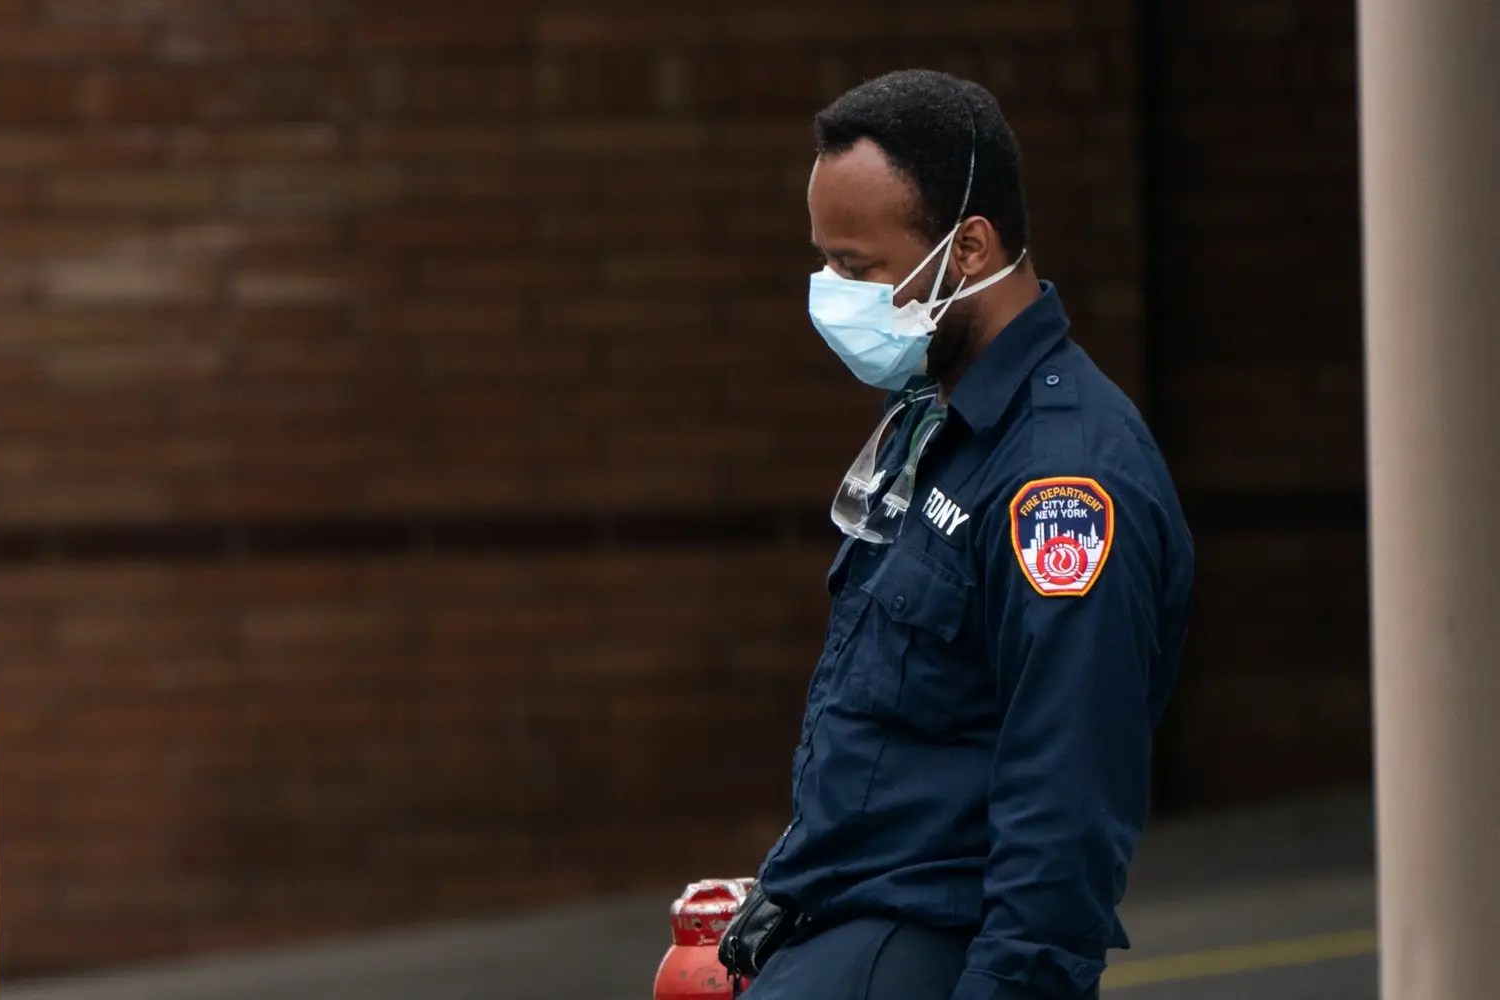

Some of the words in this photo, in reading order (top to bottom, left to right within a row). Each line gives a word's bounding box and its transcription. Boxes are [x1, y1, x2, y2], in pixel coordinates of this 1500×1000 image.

[922, 487, 970, 536] FDNY
[1020, 495, 1040, 516] FIRE
[1040, 486, 1104, 512] DEPARTMENT
[1042, 499, 1065, 510] CITY
[1067, 499, 1080, 509] OF
[1035, 509, 1058, 520] NEW
[1061, 508, 1088, 519] YORK
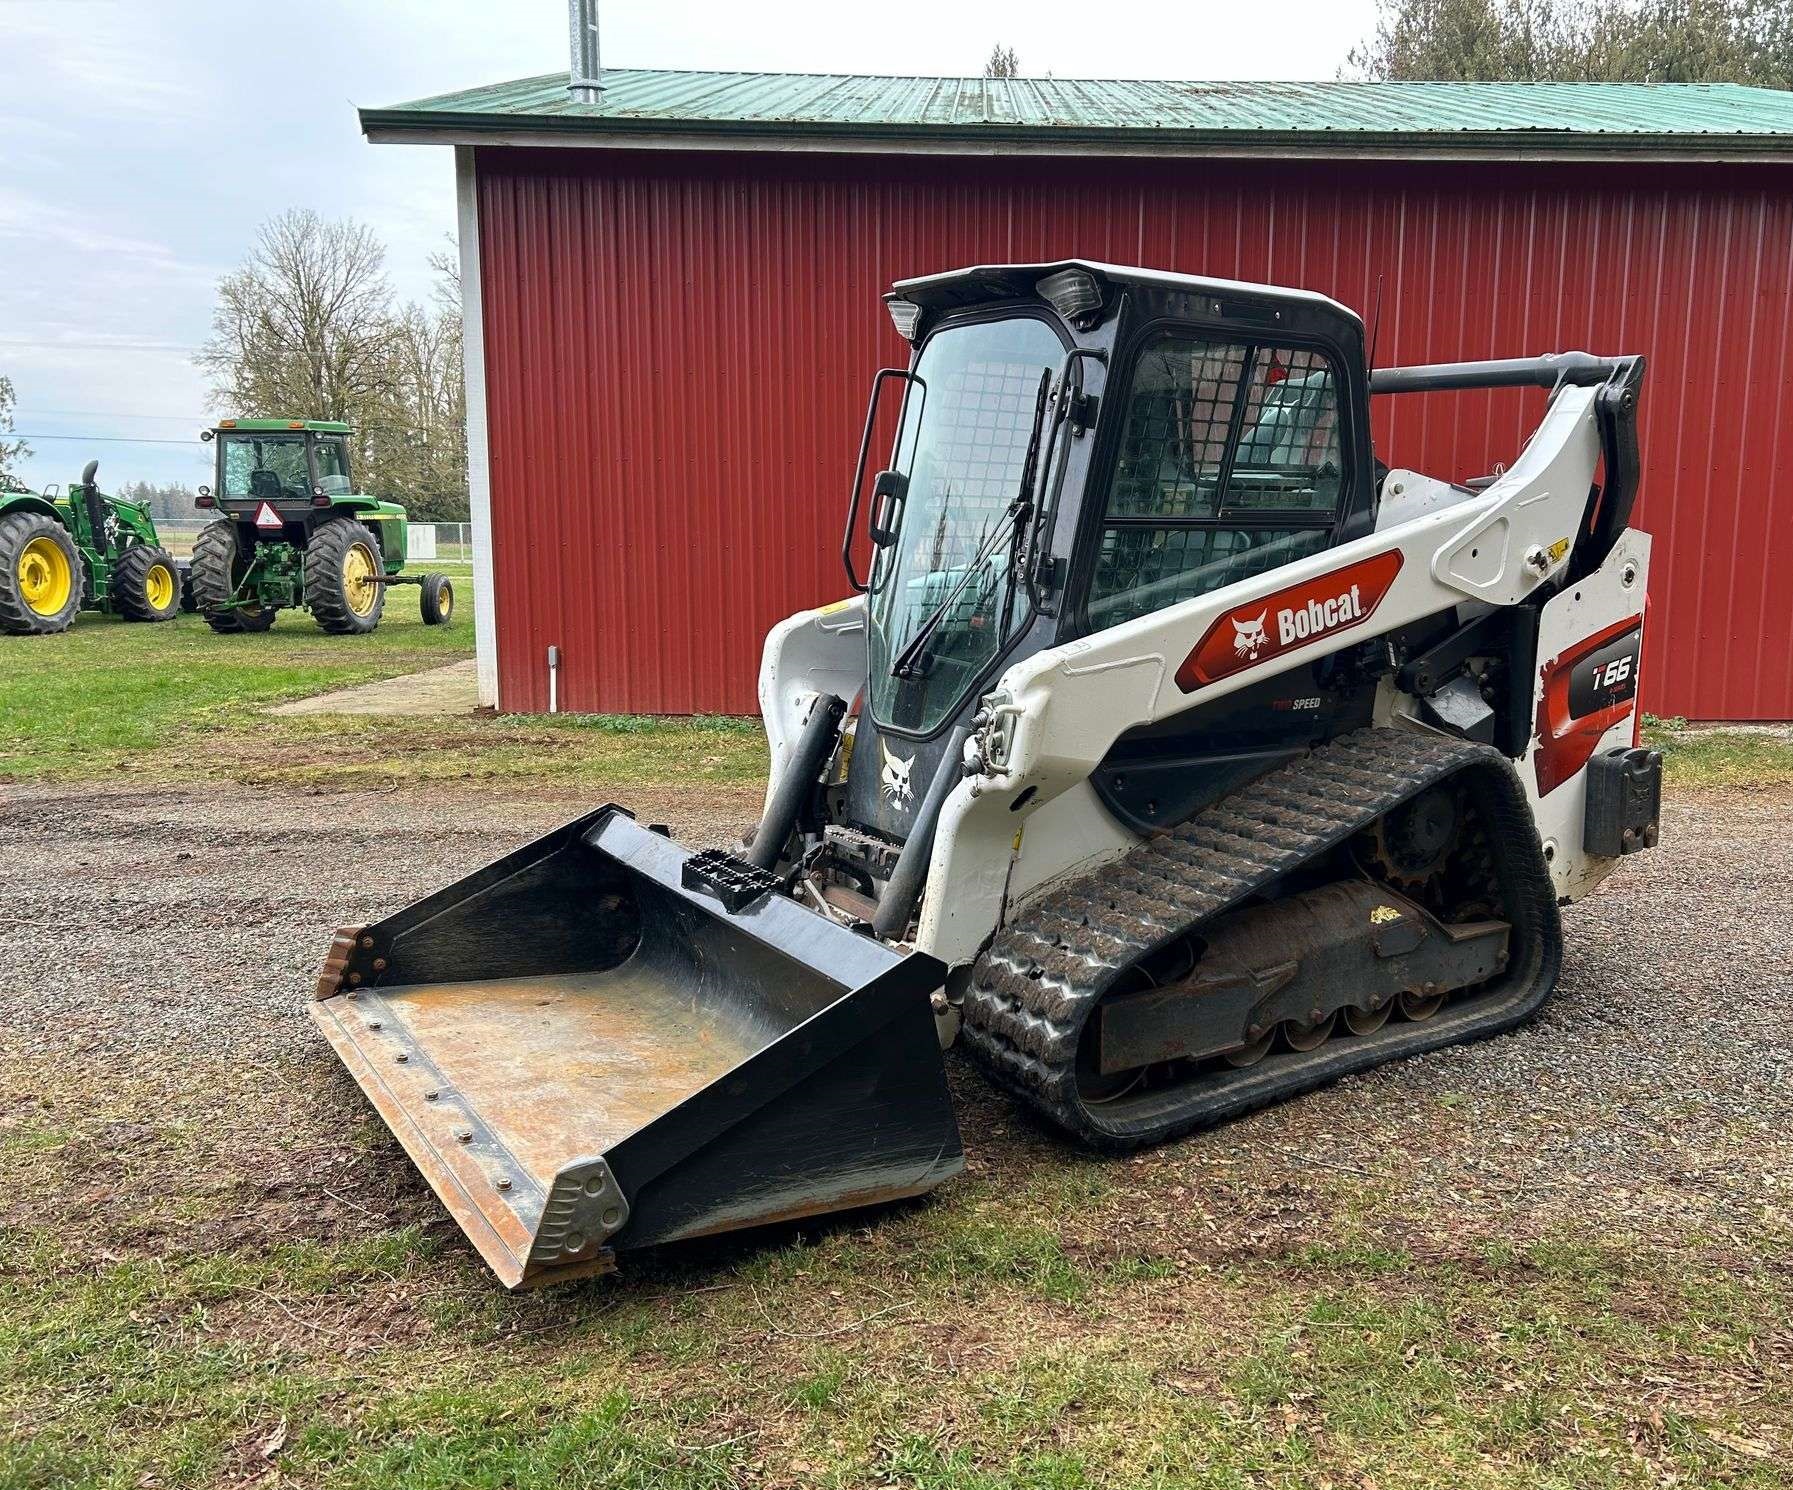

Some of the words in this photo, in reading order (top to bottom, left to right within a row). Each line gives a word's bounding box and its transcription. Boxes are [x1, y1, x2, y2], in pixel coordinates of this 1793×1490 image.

[1278, 584, 1361, 646] Bobcat
[1593, 655, 1632, 690] T66
[1293, 698, 1320, 710] SPEED

**********

Problem to work on: Except for pictures, copy the records above exactly.

Result of the exercise:
Some of the words in this photo, in reading order (top to bottom, left to right within a row). Each line gives a word's bounding box and its transcription. Boxes are [x1, y1, x2, y2], in pixel coordinates of this 1500×1000 image.

[922, 487, 970, 536] FDNY
[1020, 495, 1040, 516] FIRE
[1040, 486, 1104, 512] DEPARTMENT
[1042, 499, 1065, 510] CITY
[1067, 499, 1080, 509] OF
[1035, 509, 1058, 520] NEW
[1061, 508, 1088, 519] YORK

Some of the words in this photo, in reading order (top to bottom, left to right within a row). Each line gives a word's bounding box and its transcription. Boxes are [x1, y1, x2, y2], in pixel coordinates of this 1793×1490 image.

[1278, 584, 1361, 646] Bobcat
[1593, 655, 1632, 690] T66
[1293, 698, 1320, 710] SPEED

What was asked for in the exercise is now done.